Paul A. Bell (October 3, 1950 – June 7, 2010) was an American politician who served as Iowa State Representative from the 57th and 41st Districts. He served in the Iowa House of Representatives from the 57th District (1993 - 2003) and the 41st District from 2003 and until his death in June 2010.  He received his BA from the University of Northern Iowa.

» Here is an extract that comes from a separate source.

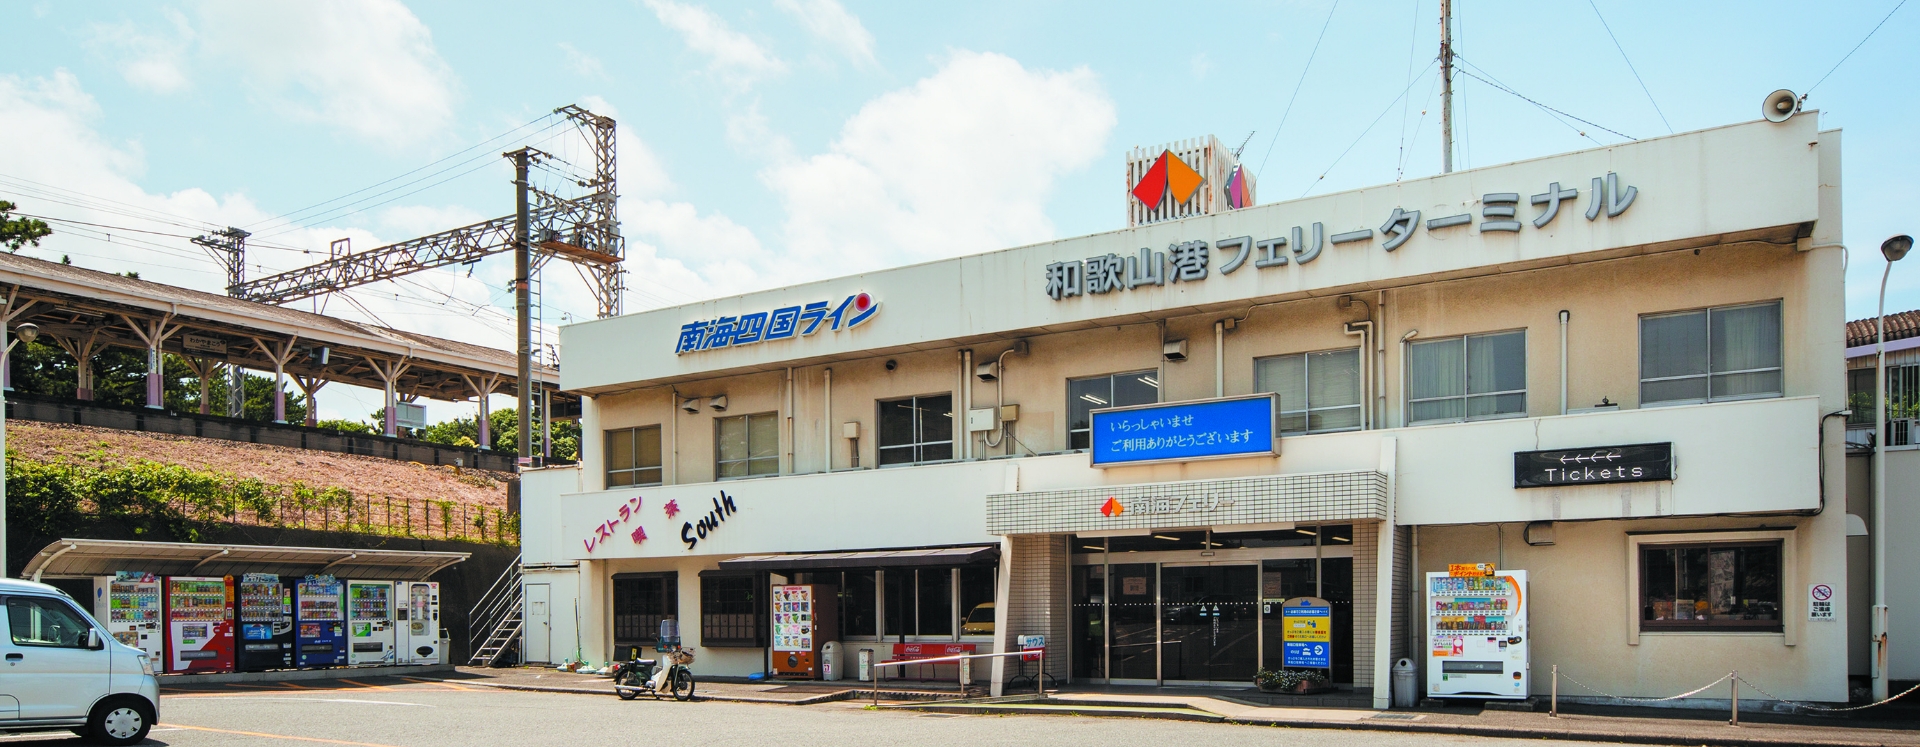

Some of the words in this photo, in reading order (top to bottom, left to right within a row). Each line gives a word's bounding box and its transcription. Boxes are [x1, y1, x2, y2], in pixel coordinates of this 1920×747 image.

Bell served on several committees in the Iowa House—the Ethics committee; the Public Safety committee; the Transportation committee; the Veterans Affairs committee; and the Natural Resources committee, where he was chair.  He also served on the Agriculture and Natural Resources Appropriations Subcommittee.

Bell was re-elected in 2006 with 7,303 votes (63%), defeating Republican opponent Adam Vandall.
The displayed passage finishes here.